I've tried to relationships with my parents and whatever, and completely bombed a quiz last night waiting up for some stupid ass to text me that never did.
Don't tell someone you have feelings for them and then sit there and post your shit on a dating website. That's what I don't understand.
I'm really emotional, and people don't get that, evidently. I'm way too emotional for my own good that I just keep blowing up at everyone lately. I feel like I should be totally focused on what I do at school, etc., but I seriously can't keep myself motivated.

I need help. A lot of help, but I know that I won't get it.

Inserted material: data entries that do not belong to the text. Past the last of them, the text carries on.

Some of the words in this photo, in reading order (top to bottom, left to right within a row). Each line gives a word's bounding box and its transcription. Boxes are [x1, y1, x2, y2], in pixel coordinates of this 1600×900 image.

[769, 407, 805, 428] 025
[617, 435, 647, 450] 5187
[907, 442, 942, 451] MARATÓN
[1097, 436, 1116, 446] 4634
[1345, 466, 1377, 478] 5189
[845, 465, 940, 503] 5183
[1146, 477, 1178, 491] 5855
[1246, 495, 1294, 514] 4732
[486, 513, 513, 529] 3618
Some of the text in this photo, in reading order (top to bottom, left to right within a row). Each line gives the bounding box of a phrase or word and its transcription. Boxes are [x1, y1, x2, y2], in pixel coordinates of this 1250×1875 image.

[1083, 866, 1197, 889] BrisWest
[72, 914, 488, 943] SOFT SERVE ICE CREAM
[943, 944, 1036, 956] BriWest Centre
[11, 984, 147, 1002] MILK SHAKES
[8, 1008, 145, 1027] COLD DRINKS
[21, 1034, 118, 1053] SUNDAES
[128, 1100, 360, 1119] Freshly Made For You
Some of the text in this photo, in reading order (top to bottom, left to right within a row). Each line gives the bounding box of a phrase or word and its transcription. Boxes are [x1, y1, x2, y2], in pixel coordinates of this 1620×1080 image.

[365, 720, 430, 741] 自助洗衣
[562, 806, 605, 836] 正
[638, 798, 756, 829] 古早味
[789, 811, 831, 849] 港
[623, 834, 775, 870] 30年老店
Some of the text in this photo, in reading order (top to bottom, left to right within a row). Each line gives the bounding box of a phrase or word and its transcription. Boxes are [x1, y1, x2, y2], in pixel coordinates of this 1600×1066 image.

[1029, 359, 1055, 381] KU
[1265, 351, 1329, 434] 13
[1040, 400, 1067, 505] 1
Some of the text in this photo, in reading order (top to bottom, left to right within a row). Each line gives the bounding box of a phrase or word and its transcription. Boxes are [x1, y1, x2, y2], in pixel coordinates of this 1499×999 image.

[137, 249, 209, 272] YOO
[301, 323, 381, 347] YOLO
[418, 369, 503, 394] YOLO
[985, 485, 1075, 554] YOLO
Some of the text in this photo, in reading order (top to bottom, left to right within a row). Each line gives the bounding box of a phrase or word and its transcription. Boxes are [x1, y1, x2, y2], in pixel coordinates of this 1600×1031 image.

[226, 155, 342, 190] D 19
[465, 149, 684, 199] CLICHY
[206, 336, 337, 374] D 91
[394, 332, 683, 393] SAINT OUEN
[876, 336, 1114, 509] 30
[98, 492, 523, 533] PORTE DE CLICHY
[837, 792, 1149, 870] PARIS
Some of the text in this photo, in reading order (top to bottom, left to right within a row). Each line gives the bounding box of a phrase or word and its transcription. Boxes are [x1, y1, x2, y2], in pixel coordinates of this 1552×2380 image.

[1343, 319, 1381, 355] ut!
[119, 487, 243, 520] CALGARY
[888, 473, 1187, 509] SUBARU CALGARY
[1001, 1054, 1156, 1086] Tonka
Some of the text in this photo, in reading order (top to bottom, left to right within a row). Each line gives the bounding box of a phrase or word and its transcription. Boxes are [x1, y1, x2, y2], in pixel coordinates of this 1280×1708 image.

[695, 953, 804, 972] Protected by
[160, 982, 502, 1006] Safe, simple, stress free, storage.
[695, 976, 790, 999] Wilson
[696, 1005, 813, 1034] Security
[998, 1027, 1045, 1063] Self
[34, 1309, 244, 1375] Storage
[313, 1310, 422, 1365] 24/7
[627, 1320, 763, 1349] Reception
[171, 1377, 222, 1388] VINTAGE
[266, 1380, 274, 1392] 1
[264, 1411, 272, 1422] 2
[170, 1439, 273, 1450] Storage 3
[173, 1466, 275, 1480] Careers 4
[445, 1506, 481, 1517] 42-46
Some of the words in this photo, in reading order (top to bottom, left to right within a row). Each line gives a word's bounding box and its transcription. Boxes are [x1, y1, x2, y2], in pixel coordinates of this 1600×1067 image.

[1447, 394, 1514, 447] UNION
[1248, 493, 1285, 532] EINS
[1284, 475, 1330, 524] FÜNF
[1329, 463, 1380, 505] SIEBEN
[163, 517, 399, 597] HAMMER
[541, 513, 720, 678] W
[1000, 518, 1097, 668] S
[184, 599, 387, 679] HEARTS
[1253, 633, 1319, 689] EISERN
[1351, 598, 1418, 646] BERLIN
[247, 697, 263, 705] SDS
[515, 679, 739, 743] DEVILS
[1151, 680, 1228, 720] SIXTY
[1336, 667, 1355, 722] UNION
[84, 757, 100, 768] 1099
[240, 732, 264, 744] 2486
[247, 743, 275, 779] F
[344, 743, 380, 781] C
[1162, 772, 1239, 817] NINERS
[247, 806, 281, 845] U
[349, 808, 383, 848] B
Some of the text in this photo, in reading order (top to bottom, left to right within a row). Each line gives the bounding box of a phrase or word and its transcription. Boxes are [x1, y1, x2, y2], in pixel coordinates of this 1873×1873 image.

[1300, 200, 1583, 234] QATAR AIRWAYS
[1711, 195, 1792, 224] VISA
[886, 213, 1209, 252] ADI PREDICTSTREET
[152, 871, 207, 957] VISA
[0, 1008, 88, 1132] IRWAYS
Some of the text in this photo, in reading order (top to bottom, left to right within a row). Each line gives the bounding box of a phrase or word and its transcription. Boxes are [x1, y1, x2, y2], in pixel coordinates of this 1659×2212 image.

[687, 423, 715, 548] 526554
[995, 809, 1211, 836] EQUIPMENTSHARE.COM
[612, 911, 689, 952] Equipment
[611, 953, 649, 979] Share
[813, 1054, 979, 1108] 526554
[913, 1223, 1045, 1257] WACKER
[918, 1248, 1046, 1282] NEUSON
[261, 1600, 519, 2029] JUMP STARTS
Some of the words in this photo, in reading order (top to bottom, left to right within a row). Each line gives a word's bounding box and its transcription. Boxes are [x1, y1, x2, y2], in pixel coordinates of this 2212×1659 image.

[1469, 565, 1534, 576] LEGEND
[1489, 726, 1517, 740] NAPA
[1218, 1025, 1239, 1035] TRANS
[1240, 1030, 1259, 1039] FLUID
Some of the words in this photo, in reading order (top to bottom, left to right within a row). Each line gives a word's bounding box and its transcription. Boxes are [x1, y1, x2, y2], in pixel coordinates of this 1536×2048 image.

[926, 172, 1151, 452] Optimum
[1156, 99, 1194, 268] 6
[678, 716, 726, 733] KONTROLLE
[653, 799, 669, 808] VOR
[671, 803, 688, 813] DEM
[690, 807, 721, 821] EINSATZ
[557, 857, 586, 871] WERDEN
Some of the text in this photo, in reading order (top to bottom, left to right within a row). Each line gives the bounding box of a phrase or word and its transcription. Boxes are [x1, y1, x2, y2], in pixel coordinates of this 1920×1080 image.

I also hate whenever you think you're friends with someone, but you're really not and they talk shit on you, and whatever. The fact of the matter is, people keep telling me to make friends. It's not that I don't have friends... I just don't have friends that I DO things with, which is the kind of friends I need to keep me sane. I have no social life here other than the random interaction with the gentlemen that hold the door open for me, and the five words exchanged during that scenario.

BUT SERIOUSLY.
I HATE LIFE RIGHT NOW.
AND I HATE SCHOOL.
AND I CAN'T DO THIS.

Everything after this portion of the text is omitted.